In the future, labs may no longer be places where scientists work around instruments; instead, AI could continuously perform hypothesis testing in the background, leaving humans to make directional decisions and interpret results. As the last sentence of the paper states,，BioLab showcases a future where AIWill no longer be just a tool, but becomeA reliable scientific research collaborator in the process of scientific discovery.

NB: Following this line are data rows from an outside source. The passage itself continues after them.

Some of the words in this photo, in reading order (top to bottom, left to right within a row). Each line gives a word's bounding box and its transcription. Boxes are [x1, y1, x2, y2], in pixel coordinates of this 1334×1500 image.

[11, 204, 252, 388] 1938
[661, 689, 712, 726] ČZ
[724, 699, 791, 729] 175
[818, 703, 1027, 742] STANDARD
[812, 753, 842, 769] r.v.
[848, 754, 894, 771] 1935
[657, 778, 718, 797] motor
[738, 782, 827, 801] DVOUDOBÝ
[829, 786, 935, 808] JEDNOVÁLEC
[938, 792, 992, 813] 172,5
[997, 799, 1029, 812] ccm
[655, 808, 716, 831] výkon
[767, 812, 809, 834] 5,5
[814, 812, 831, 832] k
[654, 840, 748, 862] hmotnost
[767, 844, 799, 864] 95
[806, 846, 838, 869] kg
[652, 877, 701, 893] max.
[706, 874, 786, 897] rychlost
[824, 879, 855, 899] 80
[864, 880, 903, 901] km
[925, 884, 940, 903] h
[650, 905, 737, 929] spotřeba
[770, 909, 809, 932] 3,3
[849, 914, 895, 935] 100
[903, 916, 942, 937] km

This is not only a technological breakthrough, but also a conceptual revolution in the history of human scientific research. From now on, science may truly have a new researcher —AIScientist.

References

Thirunavukarasu, A. J., Ting, D. S. J., Elangovan, K. et al. Large language models in medicine. Nature Medicine 29, 1930–1940 (2023). URL https://doi.org/10.1038/s41591-023-02448-8.
Scho ̈lkopf, B. et al. Towards causal representation learning. arXiv preprint arXiv:2102.11107 (2021). URL https: //doi.org/10.48550/arXiv.2102.11107.
Seyhan, A. A. Lost in translation: the valley of death across preclinical and clinical divide – identification of problems and overcoming obstacles. Translational Medicine Communications 4, 18 (2019). URL https://doi.org/10.1186/ s41231-019-0050-7.
Macklin, P. Key challenges facing data-driven multicellular systems biology. arXiv preprint arXiv:1806.04736 (2018). URL https://arxiv.org/abs/1806.04736. Version 2, last revised 27 Sep 2019.
Zhang, S. et al. Position: Intelligent science laboratory requires the integration of cognitive and embodied ai. arXiv preprint arXiv:2506.19613 (2025). URL https://doi.org/10.48550/arXiv.2506.19613.
Cummings, S. R. et al. Denosumab for prevention of fractures in postmenopausal women with osteoporosis. New England Journal of Medicine 361, 756–765 (2009). URL https://doi.org/10.1056/NEJMoa0809493.
Thomas, D. et al. Denosumab in patients with giant-cell tumour of bone: an open-label, phase 2 study. The Lancet Oncology 11, 275–280 (2010). URL https://doi.org/10.1016/S1470-2045(10)70010-3. Epub 2010 Feb 10.
Alder, B. J. & Wainwright, T. E. Studies in molecular dynamics. i. general method. The Journal of Chemical Physics 31, 459–466 (1959).
McCammon, J. A., Gelin, B. R. & Karplus, M. Dynamics of folded proteins. Nature 267, 585–590 (1977). Jinek, M. et al. A programmable dual-rna–guided dna endonuclease in adaptive bacterial immunity. Science 337, 816–821 (2012).
Cong, L. et al. Multiplex genome engineering using crispr/cas systems. Science 339, 819–823 (2013).
Mali, P. et al. Rna-guided human genome engineering via cas9. Science 339, 823–826 (2013).